Enhanced Performance: Because the dataset is already enriched and pre-calculated, query execution is significantly faster. Raw data often requires multiple joins and real-time transformations, which can be time-consuming, especially with large datasets. By exporting a derived dataset that includes pre-aggregated metrics (such as total sales, revenue, or customer segments), enterprises can ensure that reporting dashboards, queries, and analytics tools perform optimally, even under heavy workloads or high concurrency.
Consistency and Accuracy: Exporting derived datasets ensures that the same business logic and calculation methods are applied consistently across all use cases. Whether generating dashboards, building reports, or performing ad hoc analyses, the data remains consistent because the underlying facts and metrics have been calculated and validated ahead of time. This reduces the risk of discrepancies or inconsistencies that can arise when multiple teams perform their own calculations on raw data.
Pre-Integrated Lookups for Richer Insights: Derived datasets can also include enriched lookups, such as customer demographics, product categories, and other contextual attributes.
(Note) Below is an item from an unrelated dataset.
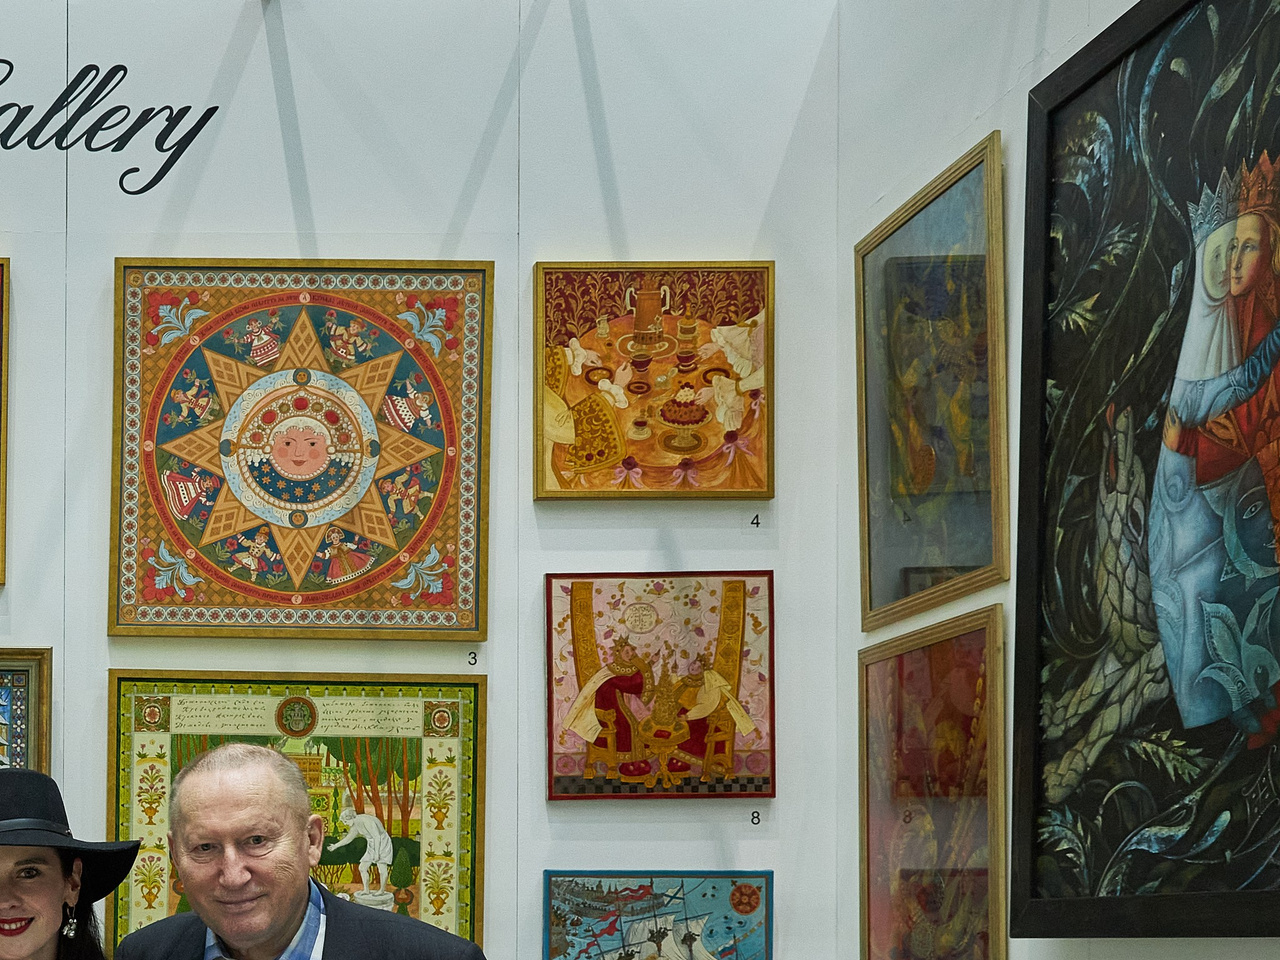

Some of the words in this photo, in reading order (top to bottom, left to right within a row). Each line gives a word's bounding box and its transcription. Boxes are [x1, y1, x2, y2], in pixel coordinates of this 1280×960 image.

These lookup tables are already linked to fact tables, providing a richer, more meaningful view of the data. For example, sales data is not only presented as raw numbers but can also be segmented by customer age, location, or product type, which enables more granular and insightful analysis without requiring additional processing steps.
Improved Dashboard Creation and Decision-Making: With pre-processed data that includes both metrics and contextual information, creating dashboards and performing real-time analytics becomes more straightforward. Decision-makers can rely on the fact that the data is immediately usable, accurate, and up-to-date, allowing them to focus on interpreting insights rather than preparing or cleaning data. This helps accelerate decision-making processes and ensures that the insights derived are trustworthy and actionable.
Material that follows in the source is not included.